Original Basis from Relinquished Property:

  1. Apportion the cost/value of the asset/improvement, land, and prior depreciation to all 3 replacement properties using the same method - using each replacement properties value as a percentage of the entire replacement cost.
  2. For the 2 oil and gas properties, those apportioned values will for all intensive purposes reside outside of the tax return, to be used once those properties are sold or exchanged for another property.

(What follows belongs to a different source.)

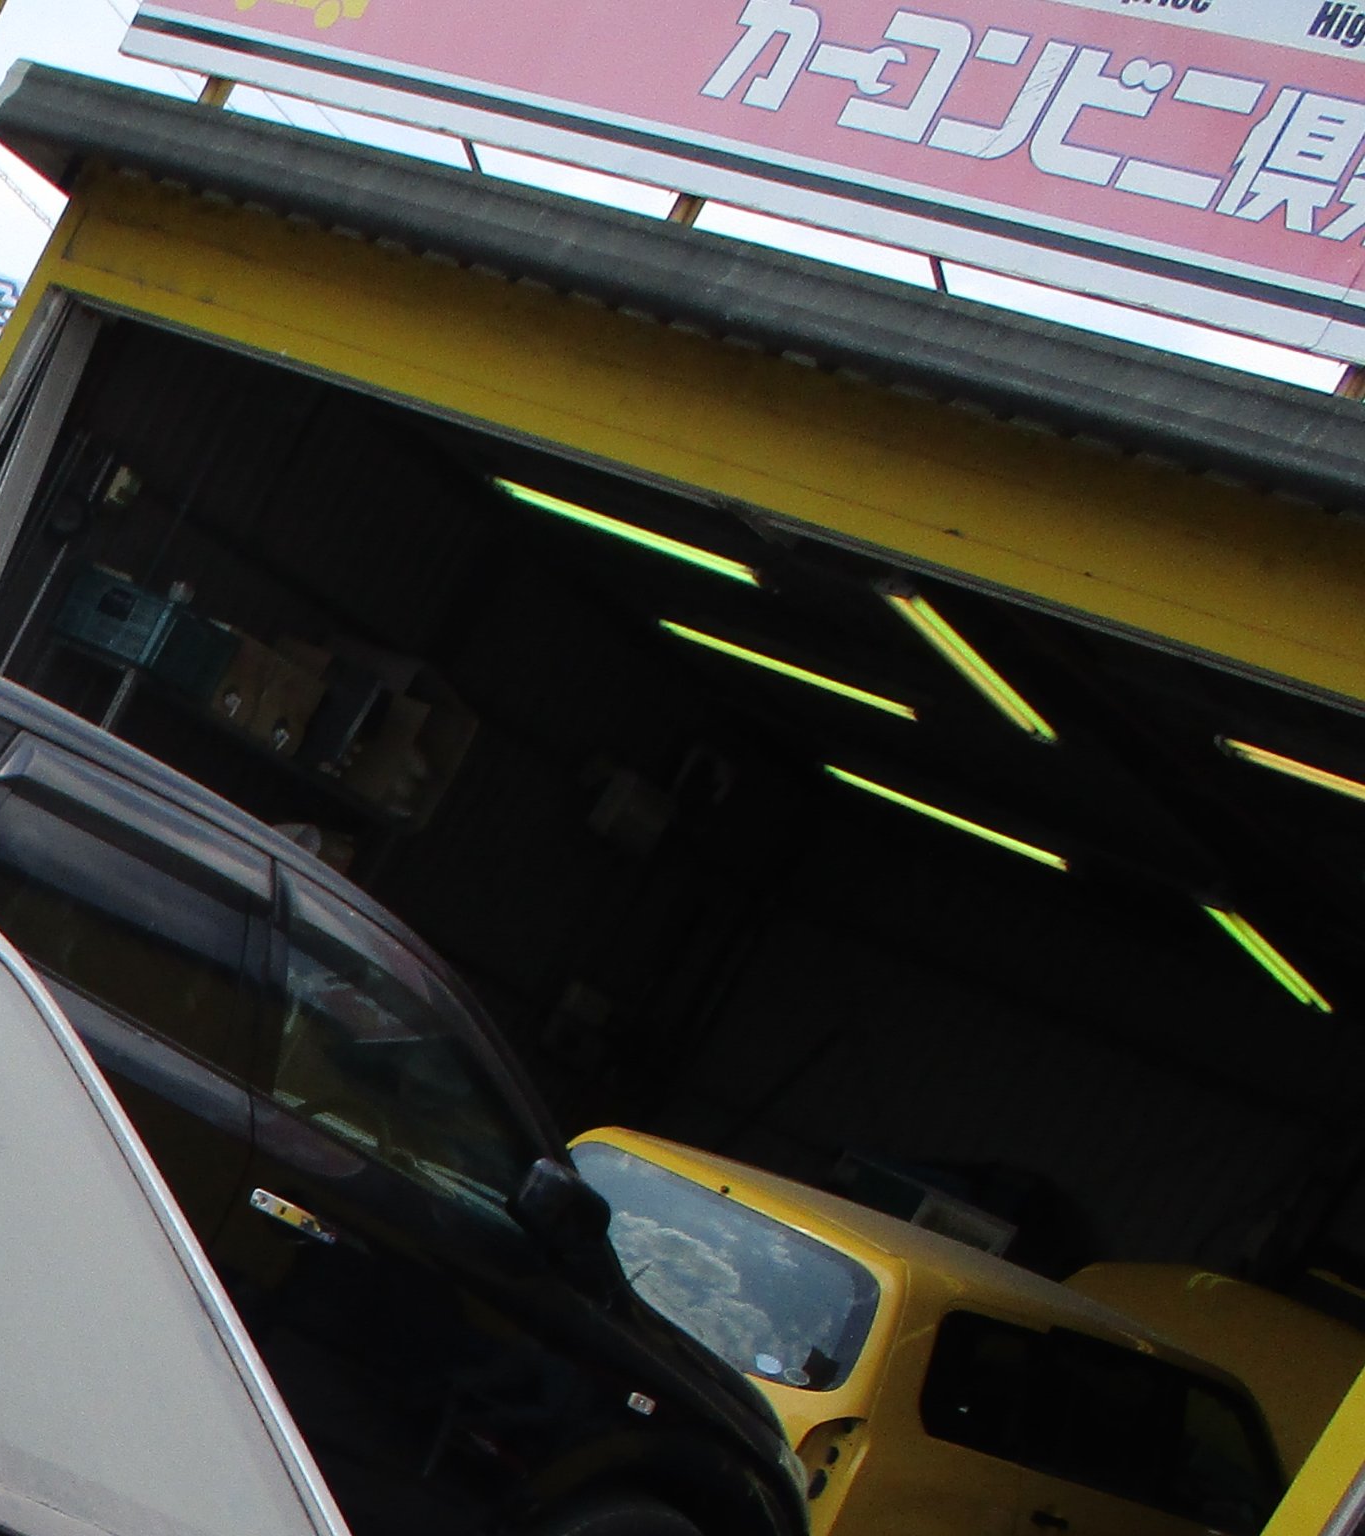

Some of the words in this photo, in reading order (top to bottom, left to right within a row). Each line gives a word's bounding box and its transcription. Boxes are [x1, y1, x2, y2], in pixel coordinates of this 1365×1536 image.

[699, 0, 1365, 243] カーコンビニ倶

Additional Basis from Replacement Properties:

  1. Once I subtracted the remaining loan amount of the relinquished property ($107k) from the loan amount of the convenience store replacement property ($118k), I only have $11k of additional basis that can be used.  (no loans on the 2 oil and gas properties)
  2. I then broke up the $11k across the 3 replacement properties using the same method from above - using each replacement properties value as a percentage of the entire replacement cost.
  3. Here's where I run into questioning my approach in regards to apportioning the land.  As we know, the convenience store is the only property that has land, and it is worth 20% of the total value of that property.  Right now, I am assigning the land a value of 20% of the total $11k additional basis, which equates to a $2.2k land value.  I am then subtracting the $2.2k land value ONLY from the convenience store's portion of the $11k additional basis; which is $2.8k minus $2.2k equaling $600 that can be depreciated.  I am not assign any of the land value to the 2 oil and gas properties.
    1. Is this correct?  Should that 20% land value be applied against the entire $11k additional basis number, and the convenience store has to absorb its land portion AND the land portion that would have been allocated to the 2 other properties if they were not mineral rights? 
    2. OR, is the land value calculation really taking 20% of ONLY the convenience store's portion of the additional basis number; which would be 20% of $2.8k equaling $560? 
    3. If #2 above is true, is the entire $560 land value assigned to the convenience store, OR it is split up across the 3 properties?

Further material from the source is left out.